Cutts posted a new video about the raters today, giving some more details about how the process works.
http://t.co/9Nhn44TP Please RT!Very in-depth video today about how Google uses human eval rater data in search:
“Raters are really not used to influence Google’s rankings directly,” says Cutts in the video. “Suppose an engineer has a new idea. They’re thinking, oh, I can score these names differently if I reverse their order because in Hungarian and Japanese that’s the sort of thing where that can improve search quality. What you would do is we have rated a large quantity of urls, and we’ve said this is really good. This is bad. This url is spam. So there are 100s of raters who are paid to, given a url, say is this good stuff? Is this bad stuff? Is it spam? How useful is it? Those sorts of things.”

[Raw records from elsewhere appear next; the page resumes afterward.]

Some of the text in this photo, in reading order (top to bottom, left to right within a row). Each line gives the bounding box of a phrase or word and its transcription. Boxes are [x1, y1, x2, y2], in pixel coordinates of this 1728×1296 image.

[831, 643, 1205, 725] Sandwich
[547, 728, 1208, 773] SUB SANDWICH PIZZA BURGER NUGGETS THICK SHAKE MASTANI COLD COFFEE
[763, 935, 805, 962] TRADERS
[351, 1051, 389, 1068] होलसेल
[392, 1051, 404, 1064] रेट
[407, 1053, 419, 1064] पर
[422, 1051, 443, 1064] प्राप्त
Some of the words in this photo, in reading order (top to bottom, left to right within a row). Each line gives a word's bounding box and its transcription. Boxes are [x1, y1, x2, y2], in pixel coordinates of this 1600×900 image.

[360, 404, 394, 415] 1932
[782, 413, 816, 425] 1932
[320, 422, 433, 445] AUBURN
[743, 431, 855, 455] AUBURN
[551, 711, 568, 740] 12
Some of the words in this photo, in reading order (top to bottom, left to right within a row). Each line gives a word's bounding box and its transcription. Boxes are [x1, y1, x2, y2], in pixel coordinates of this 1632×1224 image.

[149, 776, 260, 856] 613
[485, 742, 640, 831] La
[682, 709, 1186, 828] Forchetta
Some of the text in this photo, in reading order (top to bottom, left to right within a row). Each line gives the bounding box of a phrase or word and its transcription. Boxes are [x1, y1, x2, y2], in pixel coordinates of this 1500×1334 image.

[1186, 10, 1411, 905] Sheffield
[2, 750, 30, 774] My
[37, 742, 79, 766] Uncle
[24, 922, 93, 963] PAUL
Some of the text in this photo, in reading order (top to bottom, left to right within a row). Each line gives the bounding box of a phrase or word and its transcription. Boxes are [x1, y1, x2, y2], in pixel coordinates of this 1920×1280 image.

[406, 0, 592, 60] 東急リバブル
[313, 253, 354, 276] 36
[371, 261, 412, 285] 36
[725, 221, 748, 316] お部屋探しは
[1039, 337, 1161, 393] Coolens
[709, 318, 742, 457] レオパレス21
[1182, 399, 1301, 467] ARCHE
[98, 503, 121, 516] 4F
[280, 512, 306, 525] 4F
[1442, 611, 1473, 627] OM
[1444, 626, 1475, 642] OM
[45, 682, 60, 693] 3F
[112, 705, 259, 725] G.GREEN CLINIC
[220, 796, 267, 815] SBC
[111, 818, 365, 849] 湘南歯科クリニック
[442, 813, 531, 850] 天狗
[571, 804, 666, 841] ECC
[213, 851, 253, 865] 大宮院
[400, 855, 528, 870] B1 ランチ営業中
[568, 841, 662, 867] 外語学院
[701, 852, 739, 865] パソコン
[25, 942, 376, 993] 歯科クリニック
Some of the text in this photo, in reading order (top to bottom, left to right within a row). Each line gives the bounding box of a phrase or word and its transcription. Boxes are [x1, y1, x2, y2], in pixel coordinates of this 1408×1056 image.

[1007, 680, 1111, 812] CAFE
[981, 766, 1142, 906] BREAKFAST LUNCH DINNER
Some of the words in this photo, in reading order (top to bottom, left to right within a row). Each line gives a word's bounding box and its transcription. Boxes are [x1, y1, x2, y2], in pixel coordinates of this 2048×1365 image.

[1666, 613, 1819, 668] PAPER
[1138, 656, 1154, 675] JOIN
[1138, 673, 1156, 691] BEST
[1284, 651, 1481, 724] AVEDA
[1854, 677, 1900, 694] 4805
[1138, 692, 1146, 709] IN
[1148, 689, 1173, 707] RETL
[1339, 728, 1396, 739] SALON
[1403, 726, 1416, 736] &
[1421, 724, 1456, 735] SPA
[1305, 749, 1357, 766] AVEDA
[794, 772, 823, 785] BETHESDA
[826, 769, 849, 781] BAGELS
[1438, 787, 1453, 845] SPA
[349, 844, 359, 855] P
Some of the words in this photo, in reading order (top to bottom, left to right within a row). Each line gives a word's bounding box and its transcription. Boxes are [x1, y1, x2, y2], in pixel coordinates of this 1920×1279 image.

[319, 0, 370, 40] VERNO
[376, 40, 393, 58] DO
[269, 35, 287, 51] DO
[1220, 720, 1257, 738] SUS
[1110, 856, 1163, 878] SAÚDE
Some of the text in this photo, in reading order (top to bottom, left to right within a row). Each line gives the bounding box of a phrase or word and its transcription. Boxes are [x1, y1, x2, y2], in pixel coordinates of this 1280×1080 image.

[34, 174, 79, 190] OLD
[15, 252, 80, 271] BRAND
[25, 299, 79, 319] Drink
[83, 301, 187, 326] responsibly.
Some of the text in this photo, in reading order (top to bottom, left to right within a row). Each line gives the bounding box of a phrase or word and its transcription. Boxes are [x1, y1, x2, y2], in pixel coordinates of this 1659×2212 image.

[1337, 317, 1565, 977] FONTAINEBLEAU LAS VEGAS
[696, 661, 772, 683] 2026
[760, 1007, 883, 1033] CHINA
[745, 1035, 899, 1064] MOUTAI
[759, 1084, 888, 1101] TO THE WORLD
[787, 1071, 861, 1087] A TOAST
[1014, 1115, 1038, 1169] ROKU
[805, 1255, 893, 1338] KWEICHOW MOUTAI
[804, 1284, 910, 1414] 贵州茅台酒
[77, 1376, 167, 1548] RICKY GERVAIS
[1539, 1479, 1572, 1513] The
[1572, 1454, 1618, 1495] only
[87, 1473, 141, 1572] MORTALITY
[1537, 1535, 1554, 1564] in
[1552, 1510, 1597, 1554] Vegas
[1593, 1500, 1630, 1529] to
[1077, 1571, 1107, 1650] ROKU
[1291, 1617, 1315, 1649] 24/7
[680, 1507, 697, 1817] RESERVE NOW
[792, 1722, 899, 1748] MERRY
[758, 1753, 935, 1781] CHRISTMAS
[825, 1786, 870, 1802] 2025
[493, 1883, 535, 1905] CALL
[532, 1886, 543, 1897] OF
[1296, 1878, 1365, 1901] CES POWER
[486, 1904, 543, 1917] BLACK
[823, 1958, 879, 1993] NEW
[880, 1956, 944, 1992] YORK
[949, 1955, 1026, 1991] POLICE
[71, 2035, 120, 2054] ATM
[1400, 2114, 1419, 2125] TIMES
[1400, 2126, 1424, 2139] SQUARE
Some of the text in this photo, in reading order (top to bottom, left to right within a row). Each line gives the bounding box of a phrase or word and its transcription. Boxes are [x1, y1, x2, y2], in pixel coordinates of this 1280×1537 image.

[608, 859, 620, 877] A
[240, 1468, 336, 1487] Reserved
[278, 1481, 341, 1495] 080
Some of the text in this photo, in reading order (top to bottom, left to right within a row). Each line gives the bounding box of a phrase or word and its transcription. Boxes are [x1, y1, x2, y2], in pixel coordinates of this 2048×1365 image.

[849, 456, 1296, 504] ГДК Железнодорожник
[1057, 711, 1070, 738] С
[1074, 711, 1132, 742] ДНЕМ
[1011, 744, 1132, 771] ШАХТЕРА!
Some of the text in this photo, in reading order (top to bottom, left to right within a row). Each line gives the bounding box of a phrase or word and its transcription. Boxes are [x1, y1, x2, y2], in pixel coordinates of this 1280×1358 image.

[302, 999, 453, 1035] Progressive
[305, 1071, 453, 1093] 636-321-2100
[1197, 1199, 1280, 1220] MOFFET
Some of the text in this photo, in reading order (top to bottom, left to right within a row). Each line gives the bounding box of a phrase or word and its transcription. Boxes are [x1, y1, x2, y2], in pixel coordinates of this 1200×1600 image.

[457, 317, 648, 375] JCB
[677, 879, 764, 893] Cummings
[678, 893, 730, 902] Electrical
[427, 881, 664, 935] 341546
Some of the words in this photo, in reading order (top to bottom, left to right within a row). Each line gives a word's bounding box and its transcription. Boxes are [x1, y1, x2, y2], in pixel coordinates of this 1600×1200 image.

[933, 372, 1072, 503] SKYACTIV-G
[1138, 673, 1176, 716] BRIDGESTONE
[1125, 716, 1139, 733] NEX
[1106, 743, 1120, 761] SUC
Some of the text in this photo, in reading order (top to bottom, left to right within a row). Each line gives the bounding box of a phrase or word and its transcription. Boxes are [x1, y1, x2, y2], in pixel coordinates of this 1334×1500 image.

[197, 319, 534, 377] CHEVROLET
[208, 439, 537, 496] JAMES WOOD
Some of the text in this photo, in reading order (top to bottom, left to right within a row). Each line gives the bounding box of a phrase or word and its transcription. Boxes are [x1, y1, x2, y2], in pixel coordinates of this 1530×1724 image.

“Is it really, really just essential, all those kinds of things,” he continues. “So once you’ve gotten all those ratings, your engineer has an idea. He says ‘OK, I’m going to change the algorithm.’ He changes the algorithm and does a test on his machine or here at the internal corporate network, and then you can run a whole bunch of different queries. And you can say OK, what results change? And you take the results the change and you take the ratings for those results and then you say overall do the return– do to the results that are returned tend to be better, right? They’re the sort of things that people rated a little bit higher rather than a little bit lower? And if so, then that’s a good sign, right? You’re on the right path.”
“It doesn’t mean that it’s perfect, like, raters might miss some spam or raters might not notice some things, but in general you would hope that if an algorithm makes a new site come up, then that new site would tend to be higher rated than the previous site that came up,” he continues. “So imagine that everything looks good. It looks like it’s a pretty useful idea. Then the engineer, instead of just doing some internal testing, is ready to go through sort of a launch evaluation where they say how useful is this? And what they can do is they can generate what’s called a side by side. And the side by side is exactly what it sounds like. It’s a blind taste test. So over here on the left-hand side, you’d have one set of search results. And on the right-hand side you’d have a completely different set of search results.”
Google showed the raters in a video last year, which actually showed a glimpse of the side-by-side:
“If you’re a rater, that is a human rater, you would be presented with a query and a set of search results,” Cutts continues. “And given the query, what you do is you say, “I prefer the left side, ” or “I prefer the right side.” And ideally you give some comments like, ‘Oh, yes, number two here is spam,’ or ‘Number four here was really, really useful.’ Now, the human rater doesn’t know which side is which, which side is the old algorithm and which side is the new test algorithm. So it’s a truly blind taste test. And what you do is you take that back and you look at the stuff that tends to be rated as much better with the new algorithm or much worse with the new algorithm.”
“Because if it’s about the same then that doesn’t give you as much information,” he says. “So you look at the outliers. And you say, ‘OK, do you tend to lose navigational home pages? Or under this query set do things get much worse?’ And then you can look at the rater comments, and you can see could they tell that things were getting better? If things looked pretty good, then we can send it out for what’s known as sort of a live experiment. And that’s basically taking a small percentage of users, and when they come to Google you give them the new search results. And then you look and you say OK, do people tend to click on the new search results a little bit more often? Do they seem to like it better according to the different ways that we try to measure that? And if they do, then that’s also a good sign. ”
Cutts acknowledges that the raters can get things wrong, and that they don’t always recognize spam.